In order to solve the problems in the prior art, the invention provides an optical fingerprint device and a manufacturing method thereof, wherein the optical fingerprint device comprises an image sensor wafer, an inner bonding pad and a second bonding pad, wherein the image sensor wafer is provided with the inner bonding pad; arranging a light transmitting layer on the image sensor wafer; an external bonding pad is arranged on the euphotic layer and is electrically communicated with the internal bonding pad; therefore, the problem that the efficiency of opening the bonding pad through an etching process is low in the prior art is solved, the production efficiency is improved, the productivity is increased, and the manufacturing cost is reduced.

In the following detailed description of the preferred embodiments, reference is made to the accompanying drawings which form a part hereof. The accompanying drawings illustrate, by way of example, specific embodiments in which the invention may be practiced. The illustrated embodiments are not intended to be exhaustive of all embodiments according to the invention. It is to be understood that other embodiments may be utilized and structural or logical changes may be made without departing from the scope of the present invention. The following detailed description, therefore, is not to be taken in a limiting sense, and the scope of the present invention is defined by the appended claims.

The present invention will be described in detail with reference to specific examples.

One aspect of the present invention provides a method of manufacturing an optical fingerprint device, including the steps of: s100: providing an image sensor wafer, wherein an inner bonding pad is formed on the image sensor wafer; s200: arranging a light transmitting layer on the image sensor wafer; s300: an external bonding pad is arranged on the euphotic layer and is electrically communicated with the internal bonding pad; thereby forming the optical fingerprint device.

Example one

Fig. 3-5 are process diagrams of a method for manufacturing an optical fingerprint device according to a preferred embodiment of the present invention.

Referring to fig. 3, an image sensor wafer 200 is provided, wherein a pixel unit 201 and an inner pad 202 are formed on the image sensor wafer 200; an optically transparent layer 204 is disposed over the image sensor wafer 200. An infrared cut filter 210 and a light blocking structure 203 are disposed between the image sensor wafer 200 and the light transmissive layer 204. Preferably, the microlenses 205 are disposed on the light-transmitting layer 204, and further preferably, a light-blocking layer (not shown) formed of, for example, a black glue material may be further formed between the microlenses 205, so as to further reduce signal interference caused by light crosstalk.

Referring to fig. 4, a contact hole 208 is formed in the light-transmitting layer 203 by laser drilling, and in a case where the infrared cut filter 210 and the light-blocking structure 203 are present between the image sensor wafer 200 and the light-transmitting layer 203, the contact hole 208 penetrates through the infrared cut filter 210 and the light-blocking structure 203. Specifically, the contact hole 208 reaching the surface of the internal pad 202 may be formed directly by laser drilling, or the contact hole 208 not reaching the surface of the internal pad 202 may be formed by laser drilling, and then the contact hole 208 may be enlarged by etching until reaching the surface of the internal pad 202.
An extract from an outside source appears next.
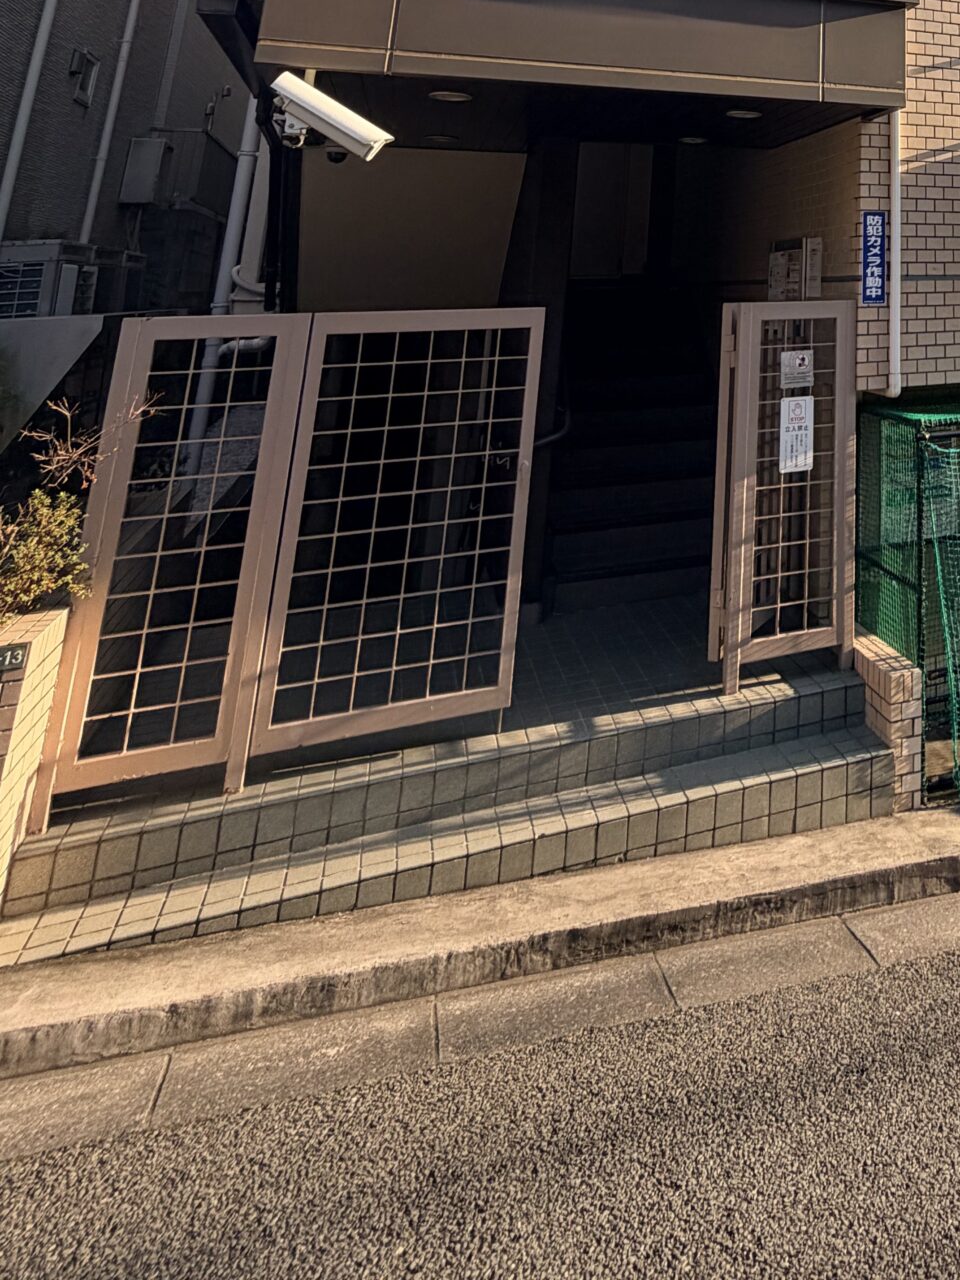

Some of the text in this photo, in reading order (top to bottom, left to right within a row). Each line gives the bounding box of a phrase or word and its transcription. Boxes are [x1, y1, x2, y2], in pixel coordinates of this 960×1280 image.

[866, 215, 882, 298] 防犯カメラ作動中
Referring to fig. 5, a metal layer 207 (e.g., copper nickel gold) is filled in the contact hole 208 by sputtering, electroplating or chemical plating, an external pad 206 is disposed on the transparent layer 204, and the metal layer 207 passes through the infrared cut-off filter 210, the light blocking structure 203 and the transparent layer 204 to electrically connect the external pad 206 and the internal pad 202, so as to electrically connect the external pad 206 and an external power source, thereby solving the problem of low efficiency of pad opening by an etching process in the prior art, improving production efficiency, increasing productivity, and reducing manufacturing cost.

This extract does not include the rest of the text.